§ **INPUT**
------------------------------------
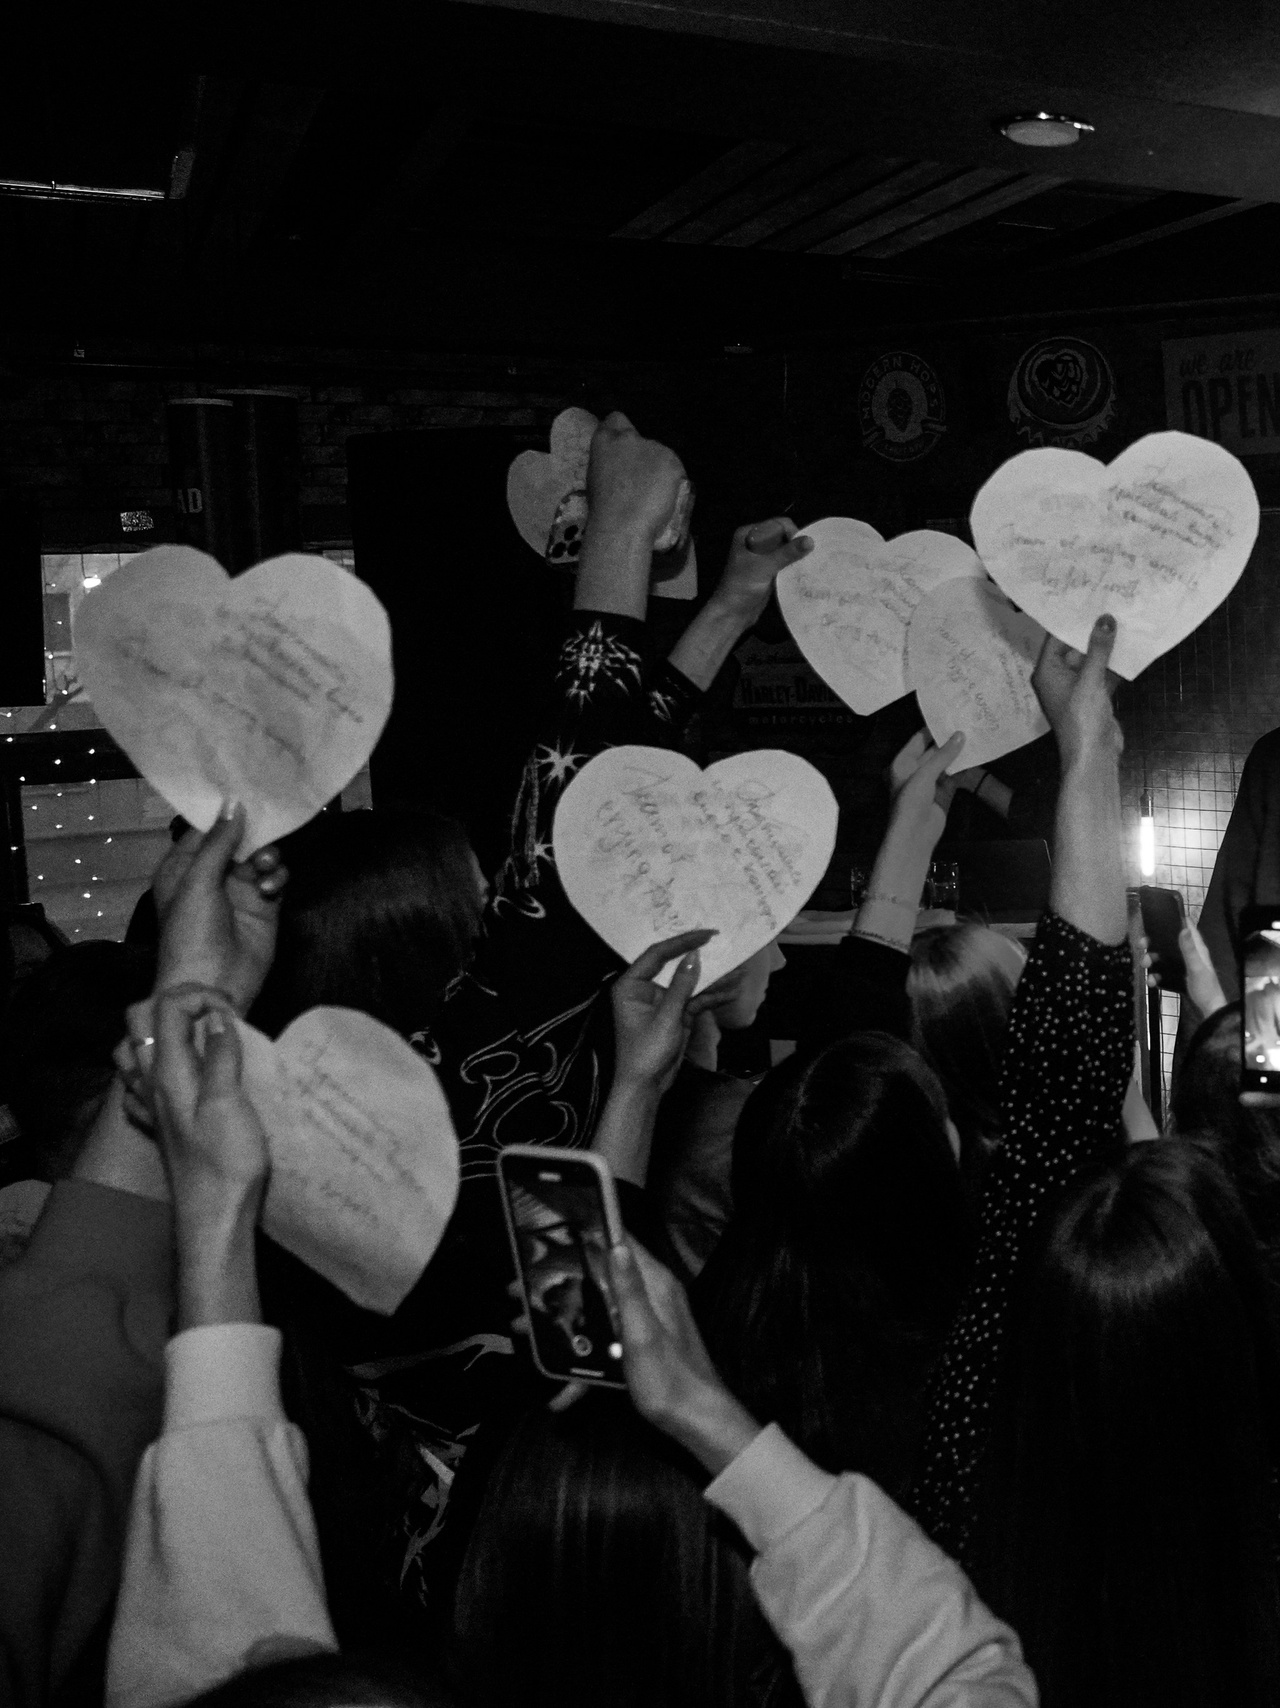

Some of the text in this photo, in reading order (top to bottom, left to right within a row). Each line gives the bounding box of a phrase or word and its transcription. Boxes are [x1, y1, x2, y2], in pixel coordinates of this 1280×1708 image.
------------------------------------
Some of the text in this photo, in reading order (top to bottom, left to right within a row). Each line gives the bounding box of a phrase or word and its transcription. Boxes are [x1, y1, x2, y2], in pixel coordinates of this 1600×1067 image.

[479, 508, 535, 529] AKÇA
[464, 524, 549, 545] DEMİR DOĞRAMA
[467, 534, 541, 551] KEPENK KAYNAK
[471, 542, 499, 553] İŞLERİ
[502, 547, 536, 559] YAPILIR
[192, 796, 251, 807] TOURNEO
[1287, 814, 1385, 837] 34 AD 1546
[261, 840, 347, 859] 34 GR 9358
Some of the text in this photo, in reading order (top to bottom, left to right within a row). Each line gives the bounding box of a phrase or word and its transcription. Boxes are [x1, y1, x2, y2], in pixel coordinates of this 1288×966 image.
------------------------------------
§ **DIRECTIONS FOR THIS TASK**
Copy out only the lines above from the one with "this 1600×1067 image." to the one with "this 1288×966 image.", inclusive, exactly as they stand.

§ **YOUR RESPONSE**
Some of the text in this photo, in reading order (top to bottom, left to right within a row). Each line gives the bounding box of a phrase or word and its transcription. Boxes are [x1, y1, x2, y2], in pixel coordinates of this 1600×1067 image.

[479, 508, 535, 529] AKÇA
[464, 524, 549, 545] DEMİR DOĞRAMA
[467, 534, 541, 551] KEPENK KAYNAK
[471, 542, 499, 553] İŞLERİ
[502, 547, 536, 559] YAPILIR
[192, 796, 251, 807] TOURNEO
[1287, 814, 1385, 837] 34 AD 1546
[261, 840, 347, 859] 34 GR 9358
Some of the text in this photo, in reading order (top to bottom, left to right within a row). Each line gives the bounding box of a phrase or word and its transcription. Boxes are [x1, y1, x2, y2], in pixel coordinates of this 1288×966 image.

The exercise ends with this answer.